Yes, “take action” was an often used phrase. In the past, “take action” meant a gang of girls would gather to cause scenes and raise a ruckus in revenge on behalf of another girl believed to have been wronged. It could mean house raids, flushing towels down toilets, making messes (fecal and otherwise), shattering windows, breaking and ruining every fragile item in a home, tearing apart pillows, mattresses, armchairs, leaving not a single electronic item undamaged, cutting clothes up into a thousand pieces, in other words, inflicting the maximum amount of damage possible. The victim or victims would be those who hadn’t paid a girl what she was owed, who had tricked one of the girls or treated her badly. There were those who raided police homes if they felt they’d been
wronged. Once, even the boyfriend of one of the girls, who’d been living with her for four years, was dealt his share of a “take action” for refusing to pay for her cosmetic surgery expenses.

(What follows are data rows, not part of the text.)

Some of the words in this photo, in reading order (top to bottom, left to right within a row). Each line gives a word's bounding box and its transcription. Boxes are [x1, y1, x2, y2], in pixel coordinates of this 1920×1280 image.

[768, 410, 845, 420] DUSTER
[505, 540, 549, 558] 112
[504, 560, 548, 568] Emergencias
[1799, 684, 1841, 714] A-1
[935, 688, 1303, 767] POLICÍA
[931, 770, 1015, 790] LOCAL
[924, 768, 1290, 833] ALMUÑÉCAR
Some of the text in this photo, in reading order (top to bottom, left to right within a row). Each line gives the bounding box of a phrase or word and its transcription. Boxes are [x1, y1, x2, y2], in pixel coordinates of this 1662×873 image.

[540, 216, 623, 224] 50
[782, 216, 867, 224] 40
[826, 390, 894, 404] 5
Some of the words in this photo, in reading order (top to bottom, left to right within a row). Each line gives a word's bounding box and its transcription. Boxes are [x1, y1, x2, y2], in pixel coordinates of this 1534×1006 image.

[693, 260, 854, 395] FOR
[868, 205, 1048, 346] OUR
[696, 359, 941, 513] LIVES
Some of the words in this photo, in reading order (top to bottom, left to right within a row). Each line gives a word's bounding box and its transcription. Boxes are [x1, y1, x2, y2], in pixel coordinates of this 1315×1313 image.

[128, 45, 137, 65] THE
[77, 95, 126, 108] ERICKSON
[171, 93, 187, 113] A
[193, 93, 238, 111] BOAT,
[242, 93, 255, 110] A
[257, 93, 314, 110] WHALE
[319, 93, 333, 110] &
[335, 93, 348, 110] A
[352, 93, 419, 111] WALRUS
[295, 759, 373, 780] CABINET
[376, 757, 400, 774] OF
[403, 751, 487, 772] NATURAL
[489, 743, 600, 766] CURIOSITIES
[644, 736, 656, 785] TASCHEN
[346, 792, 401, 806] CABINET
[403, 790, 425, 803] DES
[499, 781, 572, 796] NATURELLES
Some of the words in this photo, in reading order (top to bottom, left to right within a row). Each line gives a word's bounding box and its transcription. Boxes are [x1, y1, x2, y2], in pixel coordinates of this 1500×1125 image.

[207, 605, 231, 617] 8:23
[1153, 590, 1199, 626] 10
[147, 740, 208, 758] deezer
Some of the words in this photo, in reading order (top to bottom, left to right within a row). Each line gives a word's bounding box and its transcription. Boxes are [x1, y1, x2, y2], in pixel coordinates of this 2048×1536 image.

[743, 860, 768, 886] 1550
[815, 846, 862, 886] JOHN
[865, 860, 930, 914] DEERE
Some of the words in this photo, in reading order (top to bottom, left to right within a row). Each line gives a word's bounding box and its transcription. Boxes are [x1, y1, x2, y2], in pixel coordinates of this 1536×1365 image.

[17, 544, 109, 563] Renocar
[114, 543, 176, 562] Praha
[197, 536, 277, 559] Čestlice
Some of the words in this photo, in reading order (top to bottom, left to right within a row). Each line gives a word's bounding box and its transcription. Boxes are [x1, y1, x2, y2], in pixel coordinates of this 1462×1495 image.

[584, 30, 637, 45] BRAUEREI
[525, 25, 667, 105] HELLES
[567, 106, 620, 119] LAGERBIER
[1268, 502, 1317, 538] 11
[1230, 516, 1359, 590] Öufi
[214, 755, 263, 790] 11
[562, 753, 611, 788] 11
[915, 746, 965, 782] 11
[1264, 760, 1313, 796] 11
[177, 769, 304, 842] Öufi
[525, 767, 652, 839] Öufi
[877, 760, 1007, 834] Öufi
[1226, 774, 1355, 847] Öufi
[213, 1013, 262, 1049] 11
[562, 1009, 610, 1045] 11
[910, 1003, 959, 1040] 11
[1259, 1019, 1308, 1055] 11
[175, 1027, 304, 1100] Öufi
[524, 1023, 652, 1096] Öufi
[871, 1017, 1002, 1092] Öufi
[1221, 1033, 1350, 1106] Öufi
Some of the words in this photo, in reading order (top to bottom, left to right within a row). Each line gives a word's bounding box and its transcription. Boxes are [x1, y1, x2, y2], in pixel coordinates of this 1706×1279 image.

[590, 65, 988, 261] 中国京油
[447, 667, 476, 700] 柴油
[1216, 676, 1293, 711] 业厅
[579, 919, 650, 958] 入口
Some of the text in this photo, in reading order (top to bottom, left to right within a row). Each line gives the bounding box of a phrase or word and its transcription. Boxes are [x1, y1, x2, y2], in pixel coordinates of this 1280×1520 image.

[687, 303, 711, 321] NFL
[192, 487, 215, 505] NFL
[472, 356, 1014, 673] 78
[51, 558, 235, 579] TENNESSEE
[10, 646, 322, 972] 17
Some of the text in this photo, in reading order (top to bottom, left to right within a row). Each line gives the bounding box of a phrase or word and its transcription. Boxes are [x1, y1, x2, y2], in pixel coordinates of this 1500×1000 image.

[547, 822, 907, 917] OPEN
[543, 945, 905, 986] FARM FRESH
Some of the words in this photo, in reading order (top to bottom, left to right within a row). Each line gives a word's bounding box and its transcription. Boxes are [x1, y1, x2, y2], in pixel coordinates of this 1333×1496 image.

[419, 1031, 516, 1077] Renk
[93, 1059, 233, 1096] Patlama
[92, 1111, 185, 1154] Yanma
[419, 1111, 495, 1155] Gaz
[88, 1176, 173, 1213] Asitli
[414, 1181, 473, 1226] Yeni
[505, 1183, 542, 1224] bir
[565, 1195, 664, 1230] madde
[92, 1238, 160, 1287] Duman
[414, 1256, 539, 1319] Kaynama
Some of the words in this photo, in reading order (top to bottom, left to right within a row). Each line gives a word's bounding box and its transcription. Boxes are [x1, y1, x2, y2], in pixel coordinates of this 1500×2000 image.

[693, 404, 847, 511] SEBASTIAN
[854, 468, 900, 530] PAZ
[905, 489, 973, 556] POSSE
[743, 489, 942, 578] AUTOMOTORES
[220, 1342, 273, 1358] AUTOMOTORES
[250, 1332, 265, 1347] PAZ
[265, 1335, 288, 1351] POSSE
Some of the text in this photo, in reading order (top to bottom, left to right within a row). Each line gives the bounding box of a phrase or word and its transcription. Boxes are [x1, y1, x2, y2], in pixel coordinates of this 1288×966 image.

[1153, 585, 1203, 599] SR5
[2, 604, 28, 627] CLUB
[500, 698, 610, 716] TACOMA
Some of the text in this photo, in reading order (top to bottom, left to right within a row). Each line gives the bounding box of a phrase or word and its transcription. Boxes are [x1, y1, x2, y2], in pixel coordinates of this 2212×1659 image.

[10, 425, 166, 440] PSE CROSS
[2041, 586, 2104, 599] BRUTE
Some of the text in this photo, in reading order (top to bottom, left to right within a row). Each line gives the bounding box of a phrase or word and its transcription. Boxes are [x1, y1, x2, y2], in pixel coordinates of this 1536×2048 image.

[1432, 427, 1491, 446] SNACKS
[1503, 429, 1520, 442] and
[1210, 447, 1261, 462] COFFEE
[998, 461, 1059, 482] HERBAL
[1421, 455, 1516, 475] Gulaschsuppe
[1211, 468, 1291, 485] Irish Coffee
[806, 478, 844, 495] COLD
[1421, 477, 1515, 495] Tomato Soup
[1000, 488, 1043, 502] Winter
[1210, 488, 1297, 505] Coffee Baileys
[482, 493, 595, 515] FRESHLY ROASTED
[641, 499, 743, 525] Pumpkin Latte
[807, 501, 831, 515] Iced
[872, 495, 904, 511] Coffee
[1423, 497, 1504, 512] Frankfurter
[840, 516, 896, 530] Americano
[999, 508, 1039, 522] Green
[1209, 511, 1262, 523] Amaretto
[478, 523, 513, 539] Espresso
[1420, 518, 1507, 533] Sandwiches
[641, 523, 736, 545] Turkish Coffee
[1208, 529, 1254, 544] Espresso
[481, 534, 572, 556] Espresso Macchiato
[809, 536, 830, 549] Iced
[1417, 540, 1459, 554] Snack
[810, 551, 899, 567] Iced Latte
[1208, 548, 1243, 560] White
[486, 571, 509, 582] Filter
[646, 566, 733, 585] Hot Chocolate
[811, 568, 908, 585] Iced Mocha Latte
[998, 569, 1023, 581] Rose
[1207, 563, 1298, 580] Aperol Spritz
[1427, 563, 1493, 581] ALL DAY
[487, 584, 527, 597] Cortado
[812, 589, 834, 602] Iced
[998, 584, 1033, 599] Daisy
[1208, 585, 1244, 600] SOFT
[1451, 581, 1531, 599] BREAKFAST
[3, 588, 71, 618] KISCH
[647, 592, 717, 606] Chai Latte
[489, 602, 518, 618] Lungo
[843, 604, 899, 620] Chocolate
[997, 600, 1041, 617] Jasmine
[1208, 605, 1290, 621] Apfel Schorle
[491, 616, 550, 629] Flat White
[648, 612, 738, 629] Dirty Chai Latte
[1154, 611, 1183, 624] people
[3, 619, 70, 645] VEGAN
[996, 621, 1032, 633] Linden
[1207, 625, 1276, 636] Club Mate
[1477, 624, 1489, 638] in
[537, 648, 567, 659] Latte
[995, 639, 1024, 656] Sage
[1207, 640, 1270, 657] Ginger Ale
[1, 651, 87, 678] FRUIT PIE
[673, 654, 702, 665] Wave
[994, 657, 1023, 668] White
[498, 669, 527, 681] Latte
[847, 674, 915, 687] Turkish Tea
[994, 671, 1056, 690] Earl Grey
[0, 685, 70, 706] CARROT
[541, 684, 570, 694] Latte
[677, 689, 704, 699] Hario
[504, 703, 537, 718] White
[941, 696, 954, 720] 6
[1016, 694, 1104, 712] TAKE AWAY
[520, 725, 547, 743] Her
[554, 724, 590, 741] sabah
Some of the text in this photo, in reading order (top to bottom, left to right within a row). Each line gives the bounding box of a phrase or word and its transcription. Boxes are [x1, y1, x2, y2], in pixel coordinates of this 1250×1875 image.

“Remember,” said Pamir, “how many neighborhoods we raided during the resistance! There’s no better time than now. Go on, take action!”

She was right, but it was different in those days. What we did back then was our way of taking a stance against those who’d provoked us. Whenever a couple of narrow-minded neighborhood inhabitants went about collecting signatures, trying to persuade others to join one of those “Away With the Transvestites” campaigns, the girls would attack, breaking doors and windows, entering and wrecking homes. Due to the hefty tips they received from the girls, and because they sold goods to them at inflated prices, local business owners were perfectly content to have them as neighborhood residents and so would have no part in these campaigns. As for those local business owners who did dare to oppose them, the girls would loot their stores and make a huge mess of their shops.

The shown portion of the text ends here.